Football affairs: blocked transfers, humiliating letters and player «financial asset».

After the controversy, everyday life turns into survival. Itandje recounts an almost completed transfer that literally collapses at the airport gate: suitcases packed, agent at his side, and the phone call from a manager who decides, at the last moment, not to release him anymore. He hasn’t played for a long time, his market value has dropped, but the club still keeps him and even asks him to train alone, with a letter to sign in which he accepts this situation.

He refuses, speaks of dehumanizing treatment and describes how, in this context, the player is nothing more than a budget resource, devoid of a human dimension.
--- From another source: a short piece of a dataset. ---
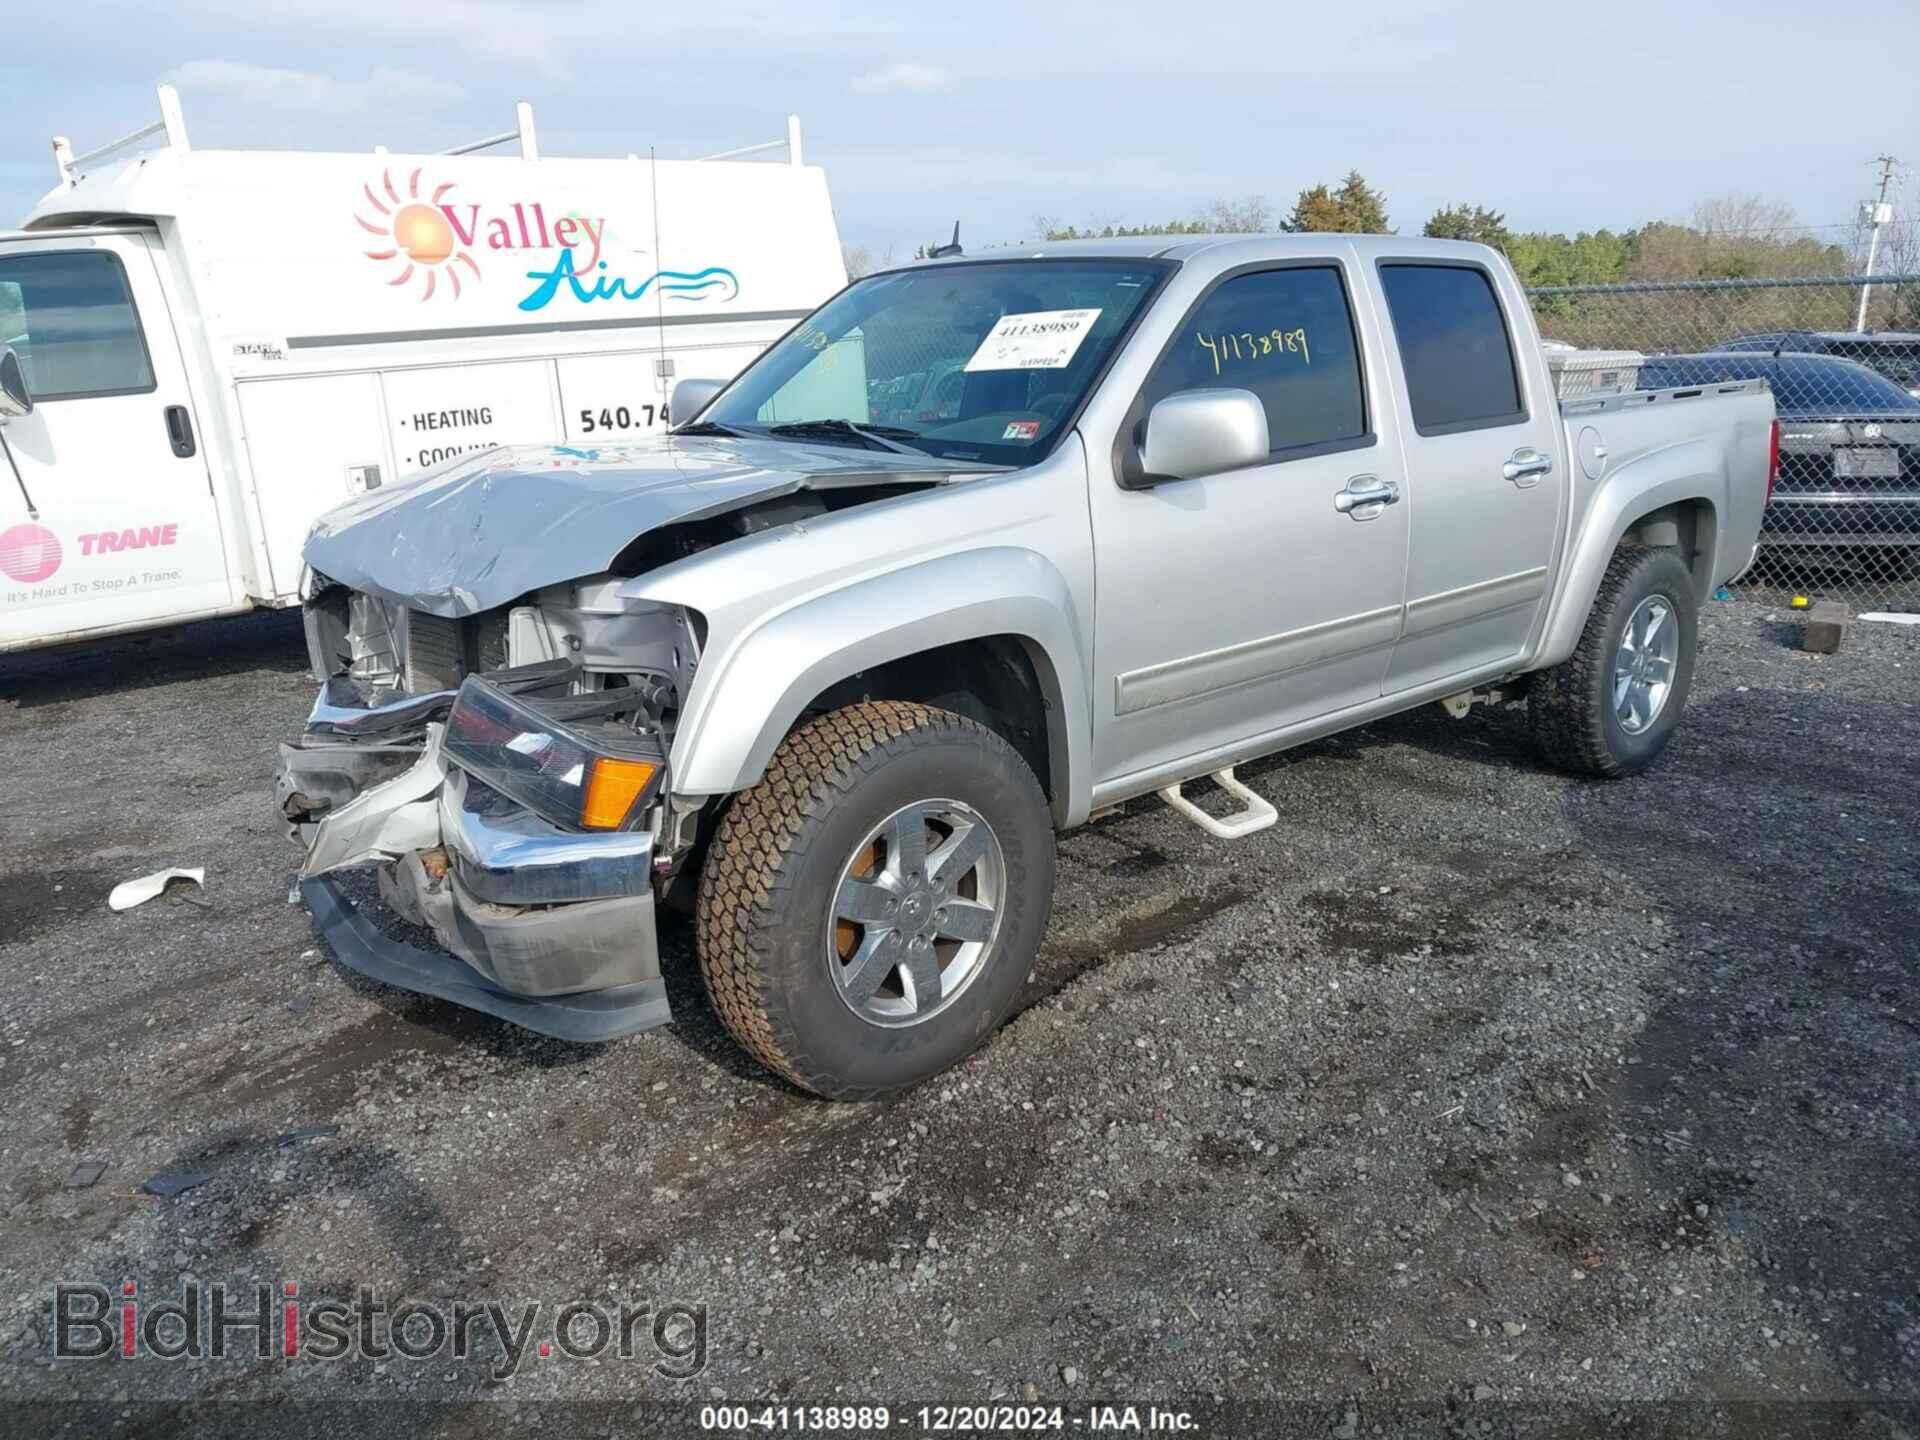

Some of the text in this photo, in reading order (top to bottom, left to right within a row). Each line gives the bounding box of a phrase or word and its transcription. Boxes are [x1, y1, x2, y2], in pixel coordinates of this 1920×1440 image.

These experiences forge a certainty in him: he will never be, as a coach, someone ready to «succeed at any cost».​

Greece, Türkiye: powerful presidents, helicopters and cash salaries

His exile in Greece and then in Türkiye opens a new chapter, on the border between film and documentary. It evokes clubs where the president is an almost untouchable figure, where convoys are made with armored cars, where helicopters fly over the training center and where the head of state calls to check on the health of the champion after a match.​

On a material level, it describes training conditions that are often excellent, with salaries paid punctually, even in advance, far from certain clichés. But the counterpart is gigantic pressure, a sometimes explosive climate and the feeling of playing in an environment that is as fascinating as it is dangerous.

Cameroon: becoming number one under the weight of an entire country

With the Cameroonian selection, Itandje is experiencing one of the great peaks of his career. He will first have to convince a country divided between him and Carlos Kameni, under the critical eye of fans and media. It was during a crucial World Cup qualifier that he truly earned his number one status, in a packed stadium where every save weighed more than a finals match.
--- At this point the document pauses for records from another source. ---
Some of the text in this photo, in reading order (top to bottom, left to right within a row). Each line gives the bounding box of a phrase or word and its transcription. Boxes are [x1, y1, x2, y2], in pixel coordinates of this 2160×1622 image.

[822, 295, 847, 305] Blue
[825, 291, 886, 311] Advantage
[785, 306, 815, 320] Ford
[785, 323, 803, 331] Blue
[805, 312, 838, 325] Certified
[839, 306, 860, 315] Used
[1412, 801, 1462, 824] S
He explains that the World Cup is magnificent, but that the real pressure, «the heat», comes in the qualifying matches, when an entire nation plays for 90 minutes. Among his most intimate memories he cites a match against Tunisia where his mother, present at the stadium, told him «I love you» which touched his heart.​

Depression, clinic and reconstruction

Faced with English isolation and the media storm, Itandje ended up drifting: evenings on repeat, parties «more than necessary», alcohol, then training in the morning as if nothing had happened. He admits that psychologically he was «making a mess», refusing to see that he was doing very badly

It was his lawyer who, one day, told him openly «he’s not right» and referred him to a clinic in Southampton, where he stayed for several weeks to get treatment and get his life back in order. He talks about mental health directly and directly and emphasizes the importance of being surrounded by people who can say enough is enough.
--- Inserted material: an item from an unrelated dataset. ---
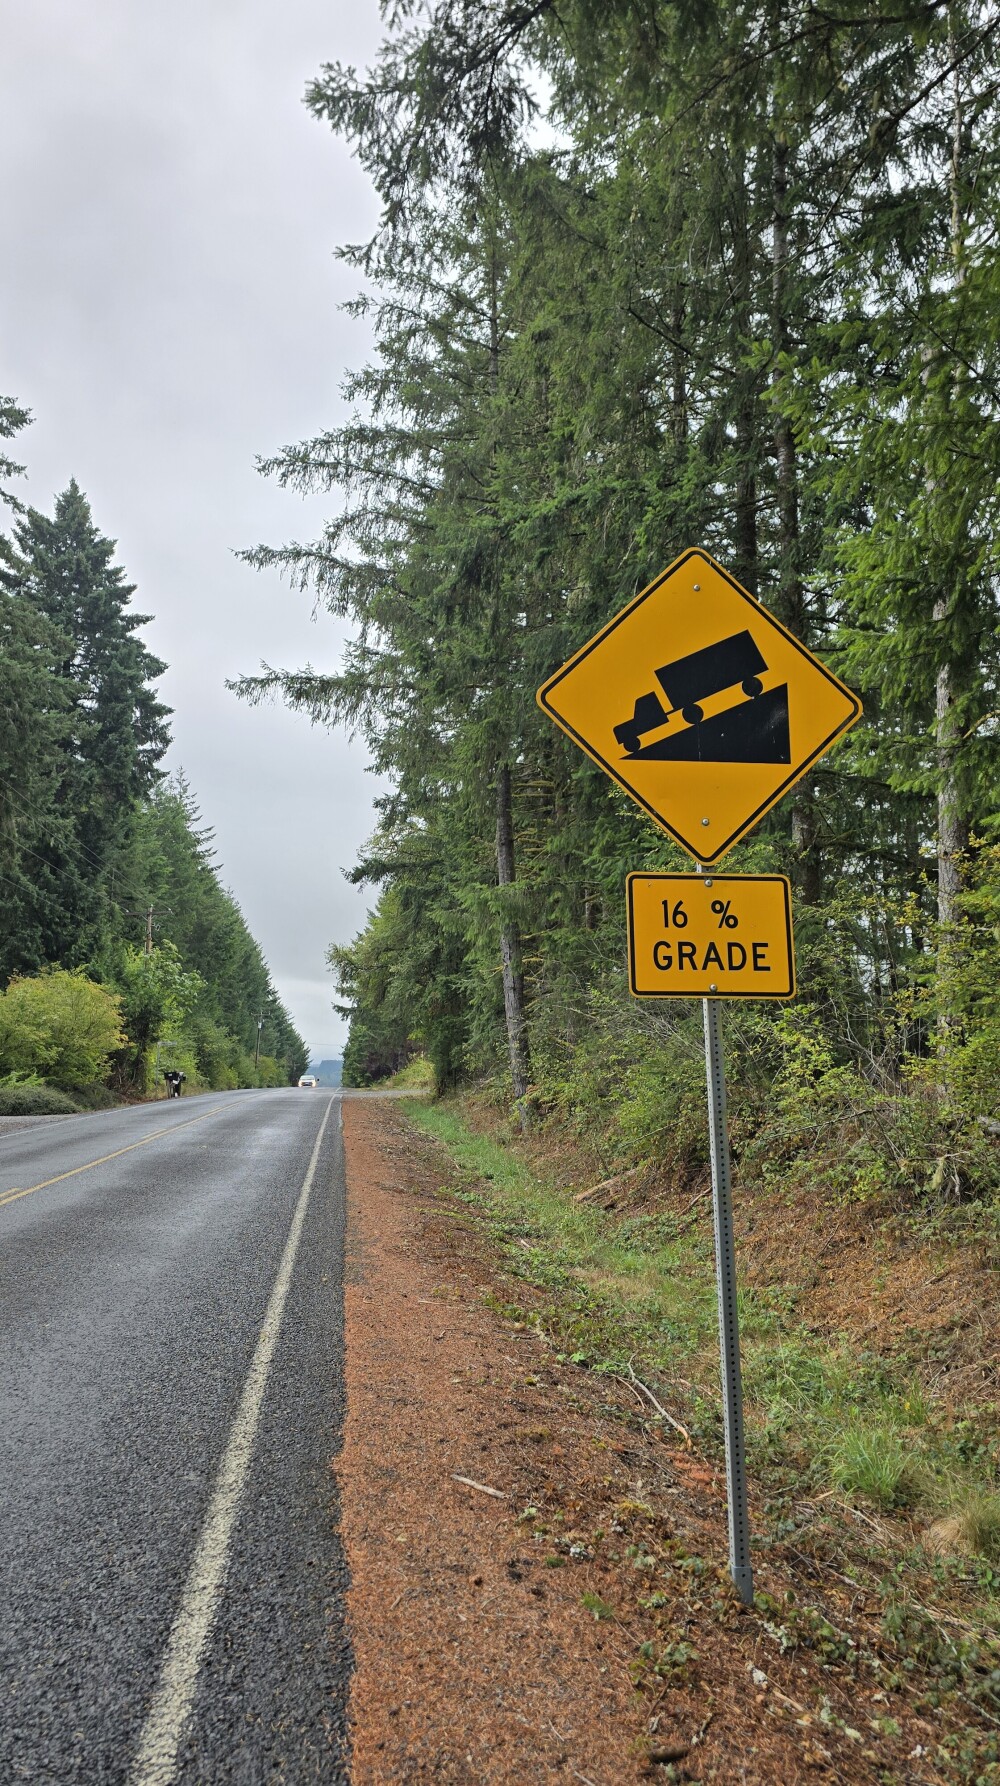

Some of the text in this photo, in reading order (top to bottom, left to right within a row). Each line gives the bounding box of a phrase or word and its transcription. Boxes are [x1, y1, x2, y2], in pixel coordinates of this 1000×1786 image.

[662, 899, 739, 929] 16 %
[653, 941, 771, 971] GRADE
Versailles and the broadcast: training the guards… and the people

Today, at FC Versailles, Itandje dedicates himself to training goalkeepers, capitalizing on everything he has experienced. He highlights three key attributes to identify very early: athletic qualities, courage (taking a position that is unforgiving of mistakes) and situational intelligence, particularly on managing depth and transitions.​

Beyond technique, he wants to convey a mentality: knowing how to manage pressure, understanding that football is a tough environment, but not getting lost along the way. From the Paris suburbs to Liverpool, from Turkish helicopters to World Cup qualifiers, his journey now serves as a living manual to prepare tomorrow’s goalkeepers for reality, not postcard.

What to hide from Charles Itandje?

An explosive goalkeeper, capable of the best and the worst. For French fans he will remain this eccentric goalkeeper who marked a decade foot lens. For the English it will remain a «what if», an unmissable appointment with the history of Liverpool foot.